I don't think the grav fields work that way. Or at least I'm not aware of them working that way. You have grav plates that would project a field and without more details the simplest explanation is that it emits a field similar to gravity and each 'plate' would project it's own field. For safety reasons they would have to have some sort of capacitor in them in order to stop people from being goo when a ship took a power hit and thrust was underway - any variance in the thrust halting and the grav plate not working and that's where the gooification can occur.

Maybe they are sophisticated enough to make them work like a broom via emitters so they can 'sweep' the fuel from flat surfaces. It's still a liquid so there are still pumps and pipes and such. I usually prefer a simple engineering solution to something so basic.
 
I don't think the grav fields work that way. Or at least I'm not aware of them working that way. You have grav plates that would project a field and without more details the simplest explanation is that it emits a field similar to gravity and each 'plate' would project it's own field. For safety reasons they would have to have some sort of capacitor in them in order to stop people from being goo when a ship took a power hit and thrust was underway - any variance in the thrust halting and the grav plate not working and that's where the gooification can occur.

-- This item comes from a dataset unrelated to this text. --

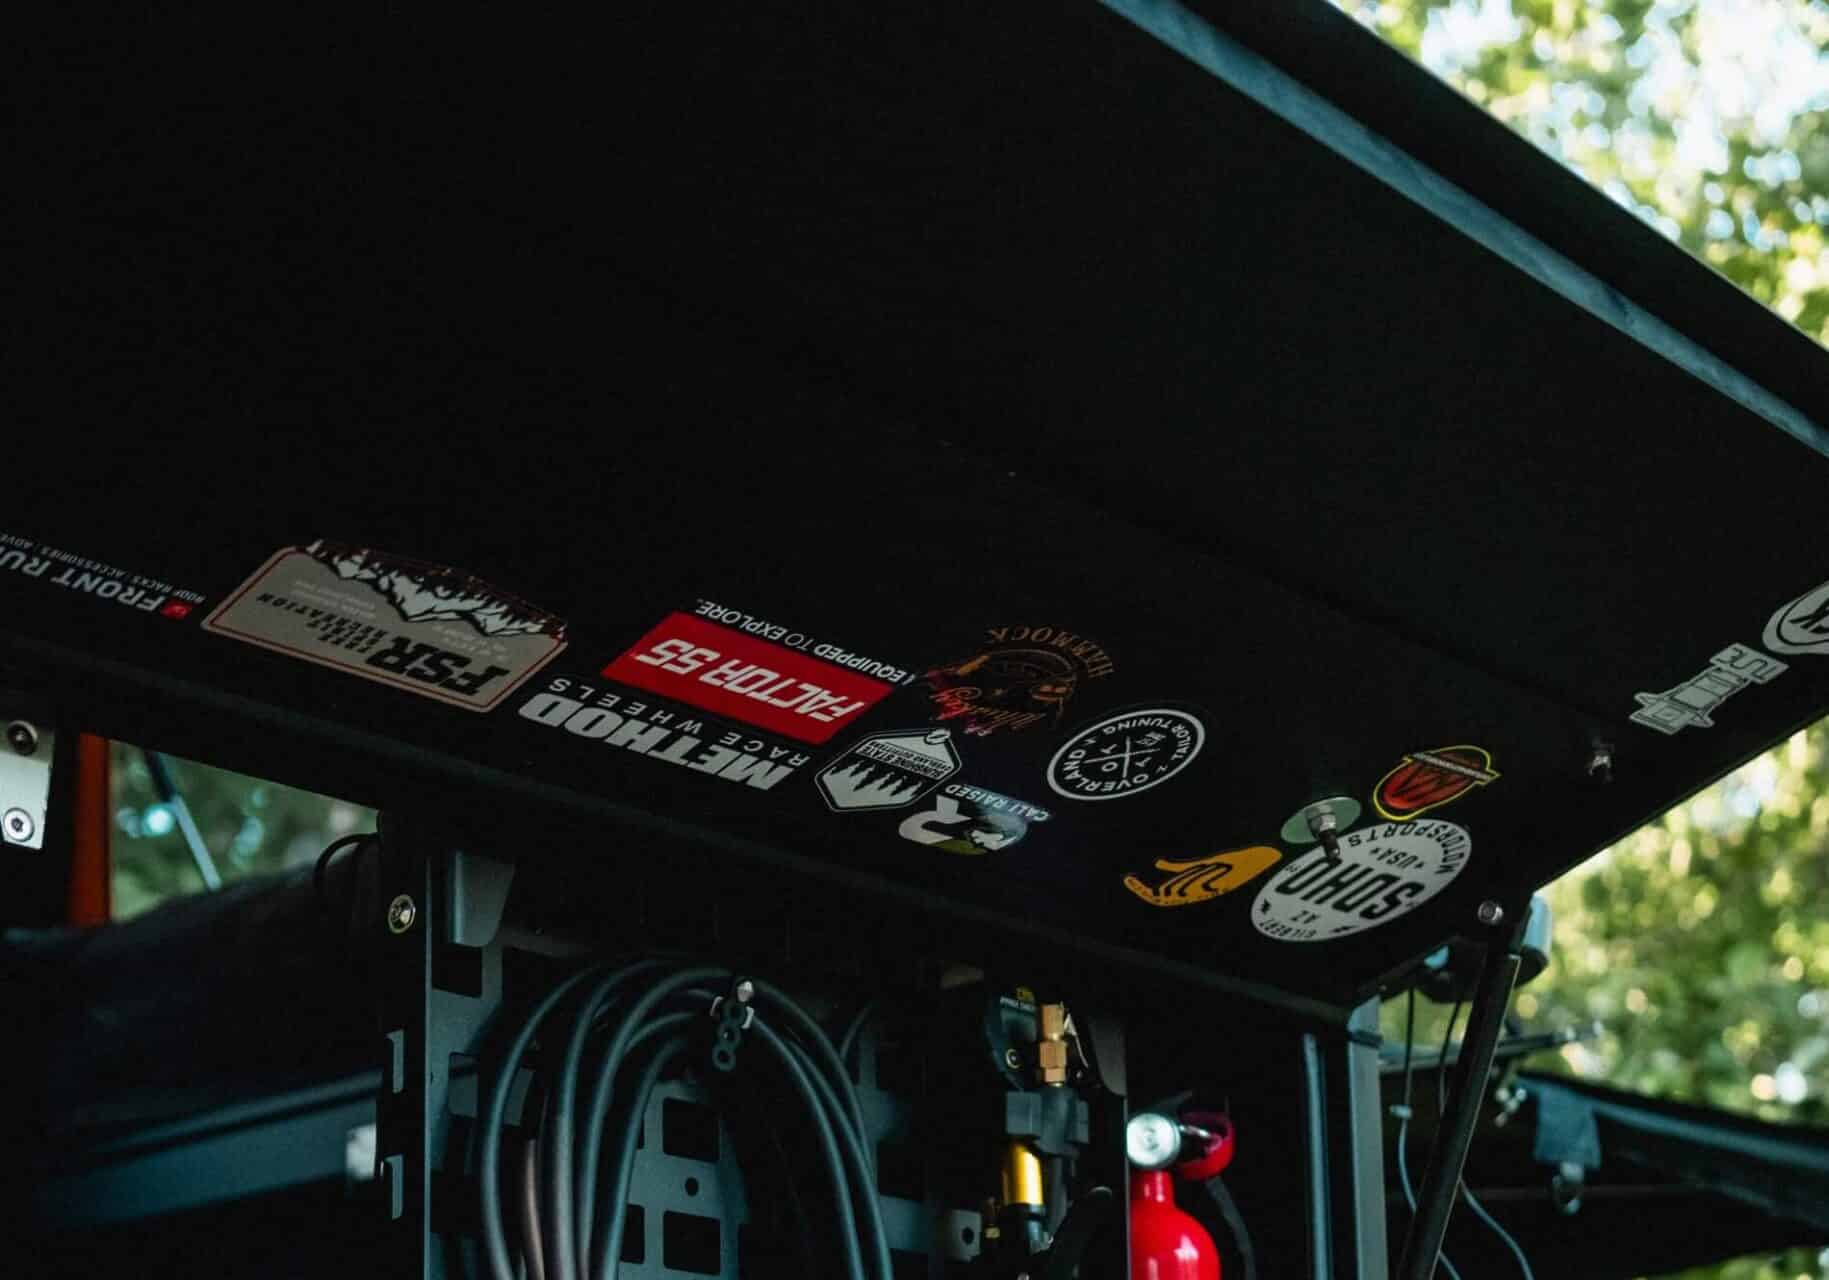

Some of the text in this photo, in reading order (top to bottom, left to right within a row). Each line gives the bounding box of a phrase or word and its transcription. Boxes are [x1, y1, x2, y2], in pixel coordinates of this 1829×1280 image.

Maybe they are sophisticated enough to make them work like a broom via emitters so they can 'sweep' the fuel from flat surfaces. It's still a liquid so there are still pumps and pipes and such. I usually prefer a simple engineering solution to something so basic.
They work at the strength of your grav drive, and in whatever direction you or your computer tells it to. Fusion+ is made possible by gravitic pumping. Vary the pressure for the given temperature and your fuel is gas. Evacuate that as you would air prior to opening a bay to vacuum.
Both of these are well within the established tropes of Charted Space.
 
They work at the strength of your grav drive, and in whatever direction you or your computer tells it to. Fusion+ is made possible by gravitic pumping. Vary the pressure for the given temperature and your fuel is gas. Evacuate that as you would air prior to opening a bay to vacuum.
Both of these are well within the established tropes of Charted Space.
Is this in SOM v2?
 
How far does the artificial gravity extend from one deck to another? Does it extend beyond the hull? Why are the artificial gravity plates not damaged by damage taken to a ship?